The Crimson story not only included examples of passages shared by the two books, but also an interesting quote by Werner Sollors, the Cabot Professor of English Literature and Professor of African and African American Studies, who said that, “it looks as though some strong version of anxiety of influence could clearly be detected in [the book]….in the hope of making the result less easily googleable.”

Interesting, especially since in this modern age, it pretty much only takes less than two days for your reputation, career, credibility and future to be ruined by the Internet. From a public relations angle, Viswanathan’s issued apology is weak and does not address how more than 20 passages that borrowed key characteristics of the source’s sentence structure and actual wording could have been “internalized” to such an extent that it was “unintentionally” picked up, edited ever so slightly (using the number 169 instead of 170) and recopied into the book.Several interesting parts to this case:

1. A college paper broke the news and major publications, in tandem with major consumer generated news sites, picked up the news very quickly. (It’s no secret that journalists and editors are keeping an eye on the web now to look for breaking news. They can throw out that old police radio now, I suppose.)

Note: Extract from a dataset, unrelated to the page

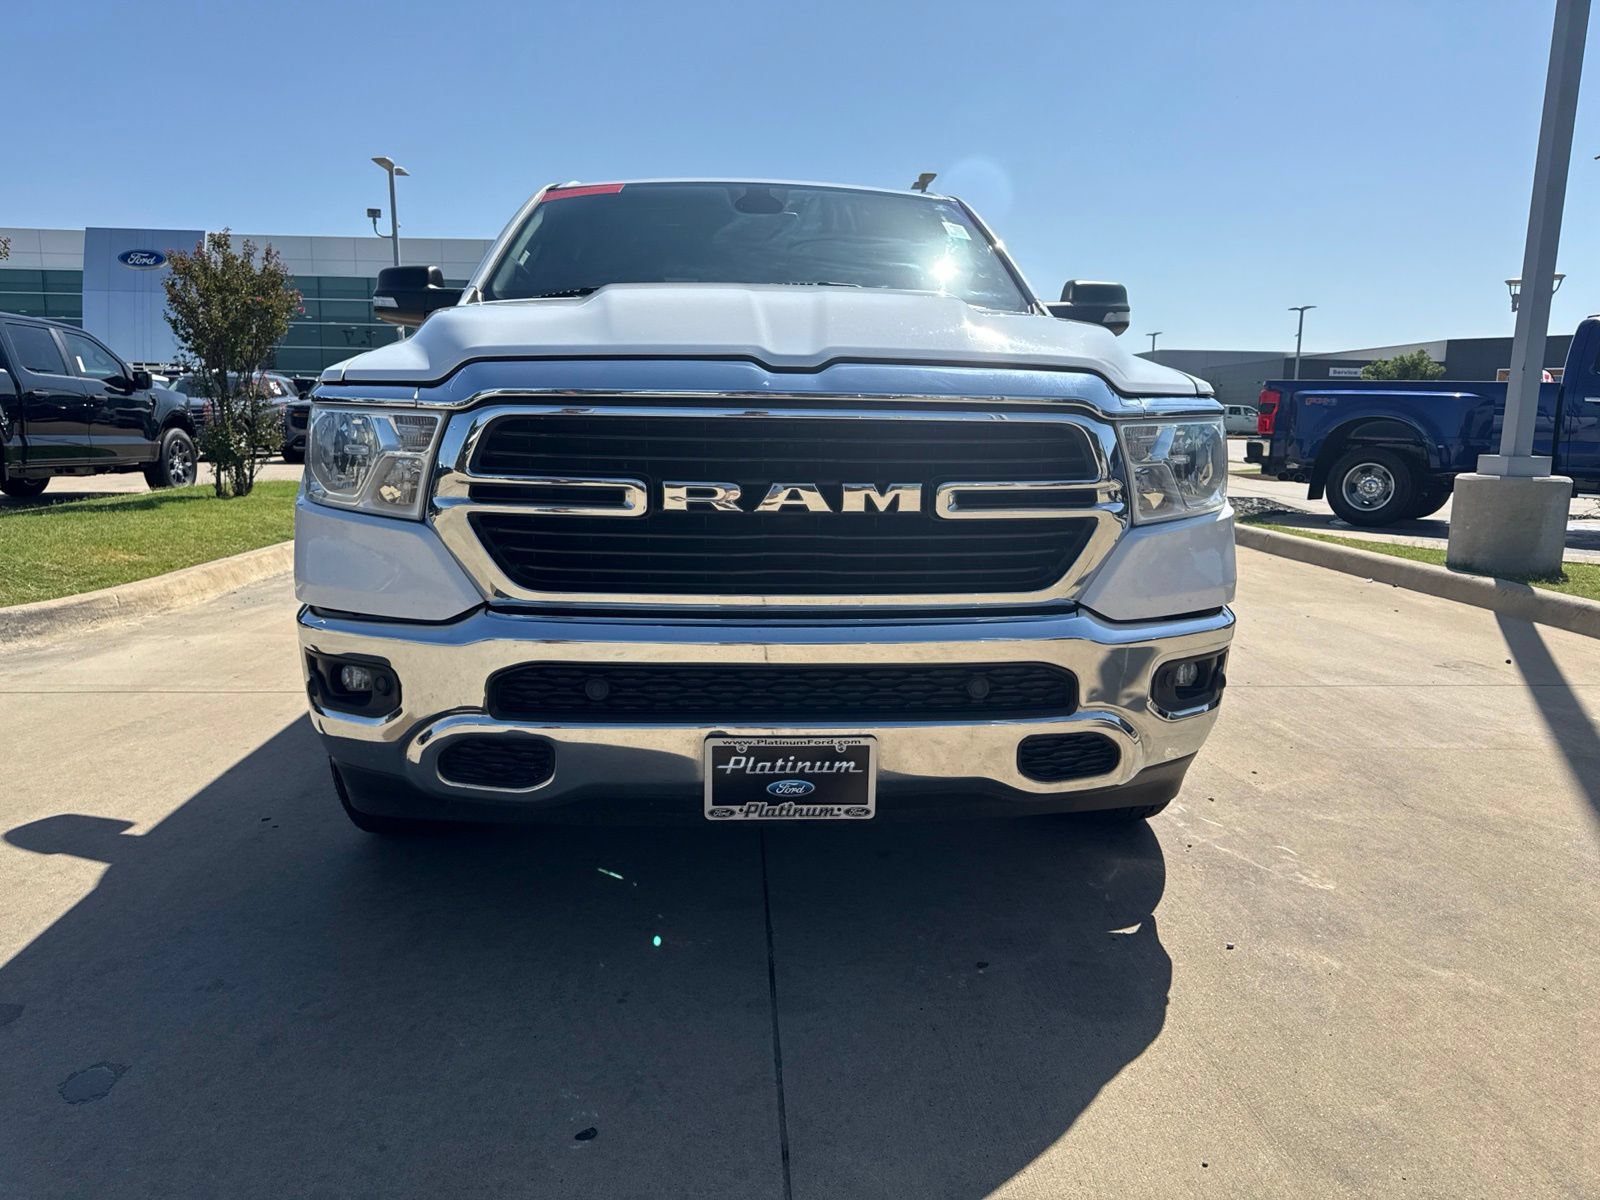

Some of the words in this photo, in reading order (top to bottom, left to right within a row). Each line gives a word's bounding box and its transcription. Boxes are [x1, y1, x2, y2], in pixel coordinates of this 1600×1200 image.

2. A nineteen year old is directed to issue a statement (by her publishing house’s PR people) that does not sound like an acceptable explanation. Bloggers and commenters refuse to believe it (and Viswanathan’s former TA insulted her former student’s academic ability on Metafilter, making news of her own) and make themselves known. Will Viswanathan have to deal with the backlash from her weakly woven explanation?

3. A Harvard professor surmises that the passages that were plagiarized were edited to make them less “googleable.” Those kids/editors today sure are search engine savvy.

4. It seems that awareness, exercise of and detection of plagiarism has gone up quite a lot, possibly due to the rise in discussion of intellectual property or possibly due to more mainstreamed use of the Internet, which can track these things.

5. How did the source become aware of the plagiarism, having never read Viswanathan’s book? A fan who had read Viswanathan’s book emailed the source author,citing several passages from the source author’s two books and comparing them with passages in Viswanathan’s new bestseller. This is particularly interesting because more publishing houses are encouraging authors to start blogs and directly interact with fans and consumers. The author emailed her publisher who went to publishing house’s legal counsel. Of course, Viswanathan’s publisher was probably alerted to the matter before Random House even had to call Little, Brown & Co.

6. As the Viswanathan story unfolds further, we learn that the young author may not have been a writing prodigy at all, but, rather, strategically positioned to generate publicity. Her college counselor put her in touch with an agent at William Morris after seeing her short stories, who referred her to a book packaging company that helped Viswanathan “flesh out” and “conceptualize” an idea for a book and also “plot” it out. After receiving a few chapters and a synopsis of the rest of the book, Viswanathan was sent to a book packaging firm that specializes in marketing to teens. Her publishing company then awarded the young author with a $500,000 contract, presumably to generate publicity for Viswanathan.